11. The Apprentice Meets a Lady and He Is Given a Quest
On the fifty-fifth day of Kew's imprisonment, Thirty Robin and her friend Twenty-Nine joined him after breakfast and took him to the garden. It was a beautiful sunny morning, and the flowers glowed like gems amid the enamel-green grass. Fruit trees bloomed here and there, wafting their fragrance about as they stirred in a gentle breeze. Above the courtyard roof, Black Tower shone as dark as a snake's scales, its windows bright as eyes. Banners broke from its spires, yellow and red and white, echoing the flowers below.
In the midst of the garden, the hives wandered. They varied somewhat in size, but all of them were more than a head taller than Kew. The fur on their bodies was glossy and smooth, but shaggy at the neck and tail. Dainty ebony hooves flashed in the sunlight. All of them had pyramidal spires for heads, as tall again as themselves. They were pierced with small windows through which bees came and went like lanterns from the tower.
"Ladyship should be here soon," said Thirty Robin.
"And you can leave," said Twenty-Nine Robin to Kew. She scratched her beard in agitation.
"Don't mind Two Nine," said Thirty Robin. "She just don't want to get back on Her Ladyship's bad side."
"How did you get on her bad side before?" said Kew.
"Harbored a traveler through the West Passage," said Twenty-Nine. " They were a no-name from Yellow, whilst you claim to be an apprentice from Grey, but still.
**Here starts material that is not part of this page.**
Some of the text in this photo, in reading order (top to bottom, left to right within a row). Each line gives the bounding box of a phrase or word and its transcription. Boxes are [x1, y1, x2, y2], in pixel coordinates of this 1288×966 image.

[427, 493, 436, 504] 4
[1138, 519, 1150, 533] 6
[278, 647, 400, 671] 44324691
Everyone from outside's a ‘spy' to Her Ladyship. She thinks you'll keep her from ever reaching the tower." She made a reflexive gesture of her right hand, aiming middle and ring fingers at the black mass above the rooftops.
"Reaching the tower?" said Kew.
"A moment," said Thirty. "Under the apple tree. It's dropping."
She ran back inside. Twenty-Nine ran forward. Kew whirled between them for a moment as if pulled by two opposing ropes, then followed Twenty-Nine to see if he could help. She was headed for the tree, where a fat dappled hive was spreading its back legs.
"Bucket bucket bucket bucket," Twenty-Nine was saying as she got behind the hive. She cupped her hands below its rear. "Bucket bucket bucket."
"Bucket bucket bucket," came an answer from behind Kew, and he dodged aside just as Thirty ran up with a wooden pail in each hand. "Bucket bucket bucket."
The hive's bees buzzed in unison, like a groan. Twenty-Nine held the bucket with one hand and patted the hive's flank with the other. The bees buzzed again. With a wet splut, the hive's urethra opened and a stream of thin, clear honey oozed down its fur and into the bucket.
"Good girl," said Twenty-Nine. "That's it."
"Looks a bit early," said Thirty, bending over to look at the trickle. "Kind of pale if you ask me."
"Nobody did. Still—" Twenty-Nine swiped some up on her index finger and held it up to the light critically. "Could be thicker and goldener."
"They should've held on to it longer." Thirty leaned over to the hive's head. "You should've held on to it longer."
"Oh, hush," said Twenty-Nine. She licked her finger and hummed with pleasure. "Still good. Could be better, but still good. Her Obsidian Ladyship'll be pleased."
"Aw, shit," said Thirty. "Aw, shit . Just remembered. One had a message before breakfast."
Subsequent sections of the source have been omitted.